How Can I Find The Service History Of My Car?

If a car lacks a servicing log book, it can be difficult to hunt down this record. That's especially true if you don't know the previous owners or which repair centre the car has visited.

Even still, there are ways to find it. Whether you're the original owner who has misplaced the record or you're a new buyer trying to learn more about your car, try these steps:

Contact A Previous Service Centre

If you know the auto centre the car has visited, or you can obtain this information from the seller, then getting a new servicing log book is easy. Get in contact with the garage and ask for their records on the vehicle's history. This will be available in their database, either on paper or via a computer system.

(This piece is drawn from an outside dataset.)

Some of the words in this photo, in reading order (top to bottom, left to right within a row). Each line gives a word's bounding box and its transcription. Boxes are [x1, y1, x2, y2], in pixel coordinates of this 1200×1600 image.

They can then supply you with any missing documents. You will need to prove that you are the owner of the vehicle, however. They may request to see your V5C, which is the car's registration information. As the original owner or a second-hand buyer, this should be in your possession.

Reach Out To The DVLA

The Driver and Vehicle Licensing Agency (DVLA) will have information regarding the car's previous owners. You can use this to get in contact with them and ask questions about the vehicle's history. That's particularly helpful if the seller you interacted with is not the original owner and is also unaware of the vehicle's full history.

Start by filling out a V888 form on the DVLA's website. This allows you to request specific data from the DVLA, such as the previous owners of your vehicle and their contact numbers. This costs just £5 and you can include a cheque within the form. You will need to verify your reasons for contacting the previous owners and confirm that you are the new owner.

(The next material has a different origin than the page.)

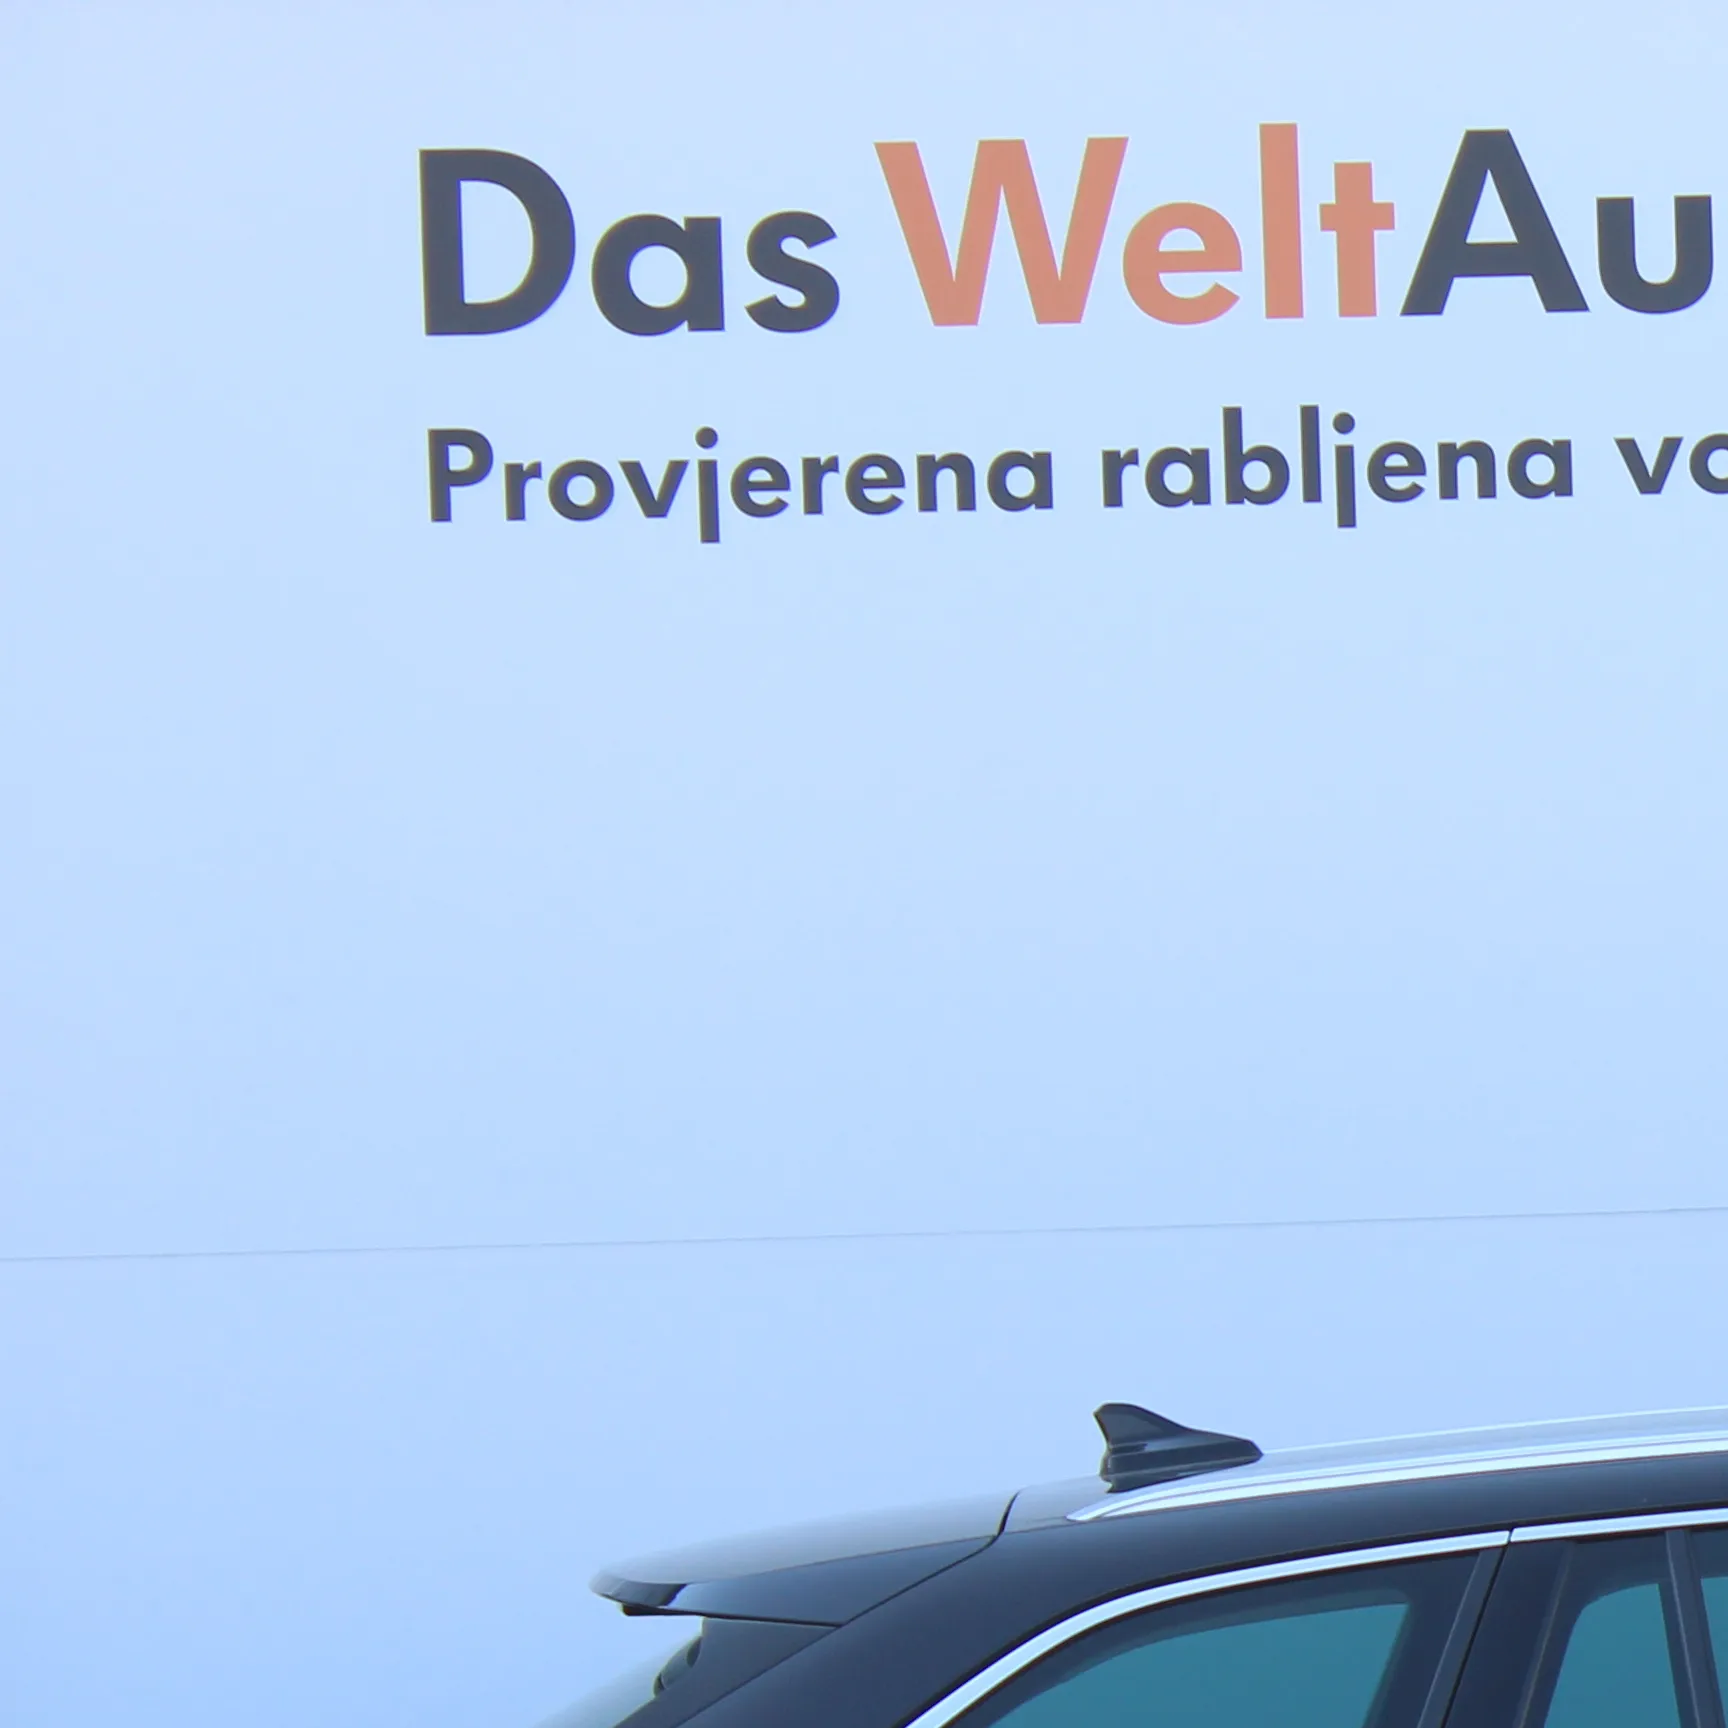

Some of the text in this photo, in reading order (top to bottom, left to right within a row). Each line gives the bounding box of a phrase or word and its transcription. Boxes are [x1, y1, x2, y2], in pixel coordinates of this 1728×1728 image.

Previous or original owners will not always have the paperwork needed to confirm the vehicle's history, but you may be able to gain verbal information about:

  • Any servicing the car has received while in their care
  • The auto centres the car visited, which you can then contact separately

Just note: depending on the circumstances, the DVLA may choose not to provide you with the information you request. Likewise, previous owners may not wish to help you, which is their prerogative.

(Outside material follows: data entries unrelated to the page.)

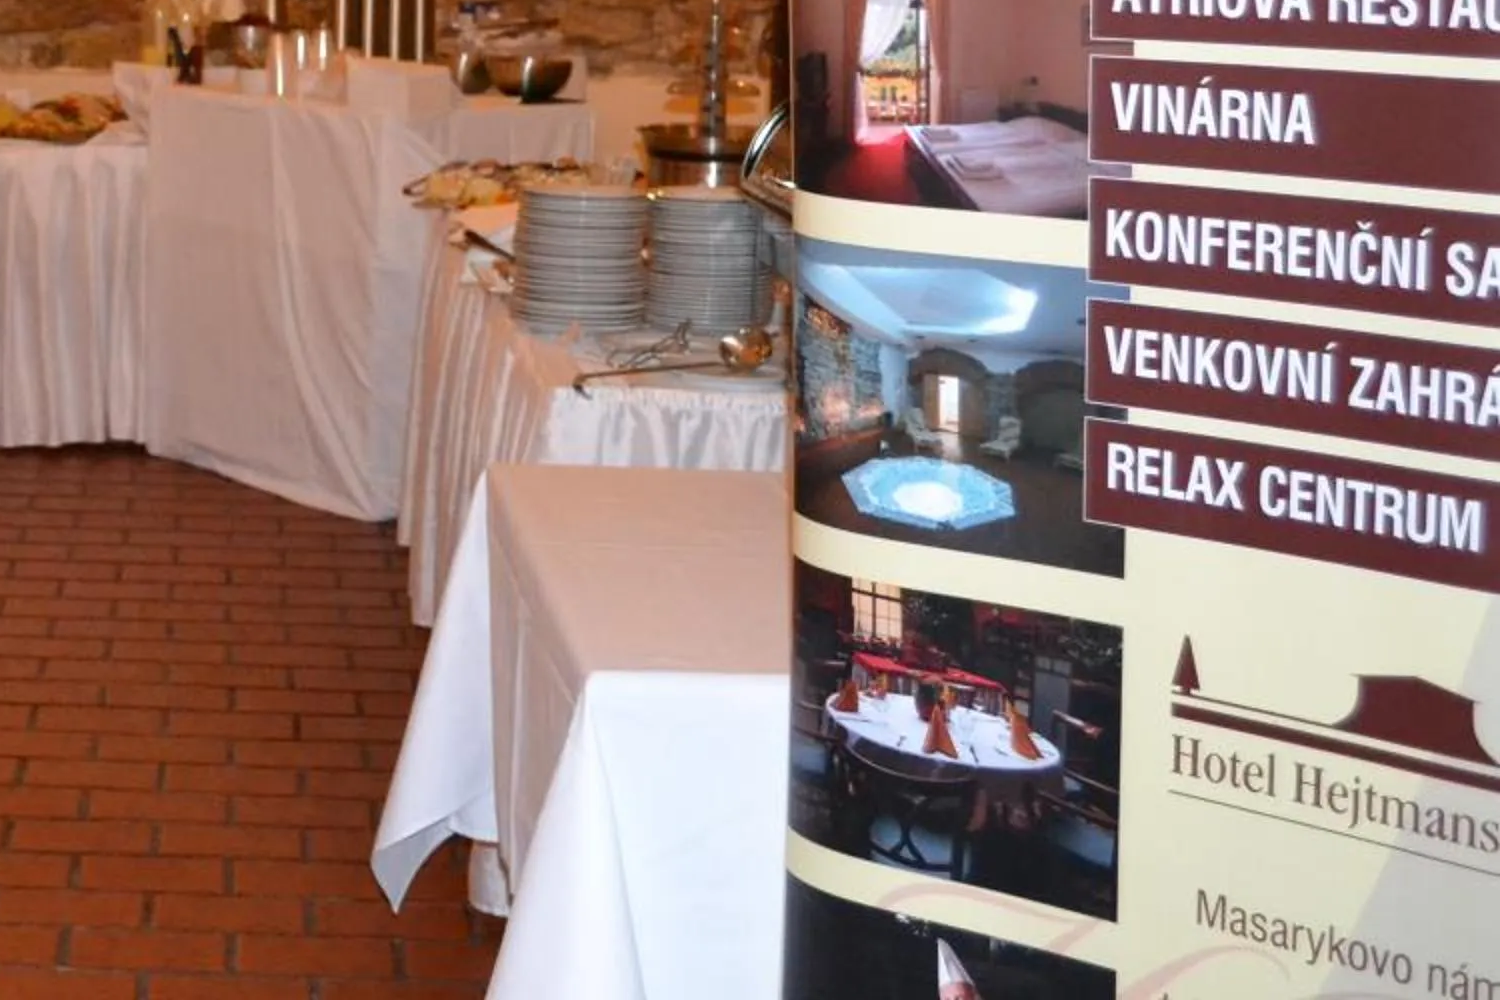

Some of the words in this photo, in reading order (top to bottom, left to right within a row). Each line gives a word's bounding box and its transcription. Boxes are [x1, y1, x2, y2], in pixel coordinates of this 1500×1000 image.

[1111, 76, 1317, 146] VINÁRNA
[1105, 207, 1434, 292] KONFERENČNÍ
[1104, 325, 1339, 404] VENKOVNÍ
[1106, 441, 1245, 512] RELAX
[1259, 464, 1484, 553] CENTRUM
[1171, 733, 1276, 798] Hotel
[1294, 760, 1500, 853] Hejtmans
[1196, 887, 1413, 985] Masarykovo

Contact The Manufacturer Or Dealership

Using information gained from the previous two methods, or by consulting the owner's manual, you may be able to narrow down where your car was manufactured or originally sold by a dealership. If that's determined, you can:

  • Reach out to the dealership or manufacturer
  • Provide the registration and licensing information for the car (to verify who you are and the exact vehicle in question)
  • Request any data they have on the vehicle

They may not have a complete servicing history, but they can confirm certain details or provide you with whatever information they do have. If that doesn't encapsulate everything you need, it may at least point you in the right direction to continue your search.

How To Check If The Service History Is Legitimate

When purchasing a second-hand car, you must be careful that the FSH hasn't been forged. It's a crime that has increased in recent years, as many sellers know that they can get more money for a vehicle with a complete history.

For a car that's three years or younger, the service records should be held on a central database with the manufacturer. You should call them to double check that the service history is correct.

Then, check the repair centres listed in the stamp book to ensure they exist and are legitimate. You can even reach out to verify that the garages did, indeed, work on the car and complete the work listed in the book.

Finally, ask for proof of paperwork and receipts, instead of just looking at the service book. This additional paperwork is harder to forge, and disreputable sellers are less likely to make the effort. As a bonus, the receipts will show:

  • The dates the work was complete (helping further investigations)
  • That the owner paid for the work carried out

Once you have this service history, and can verify that it's truthful, you can then purchase the car with peace of mind. As a seller, it also allows you to market the car ethically and earn a fair profit from selling it on.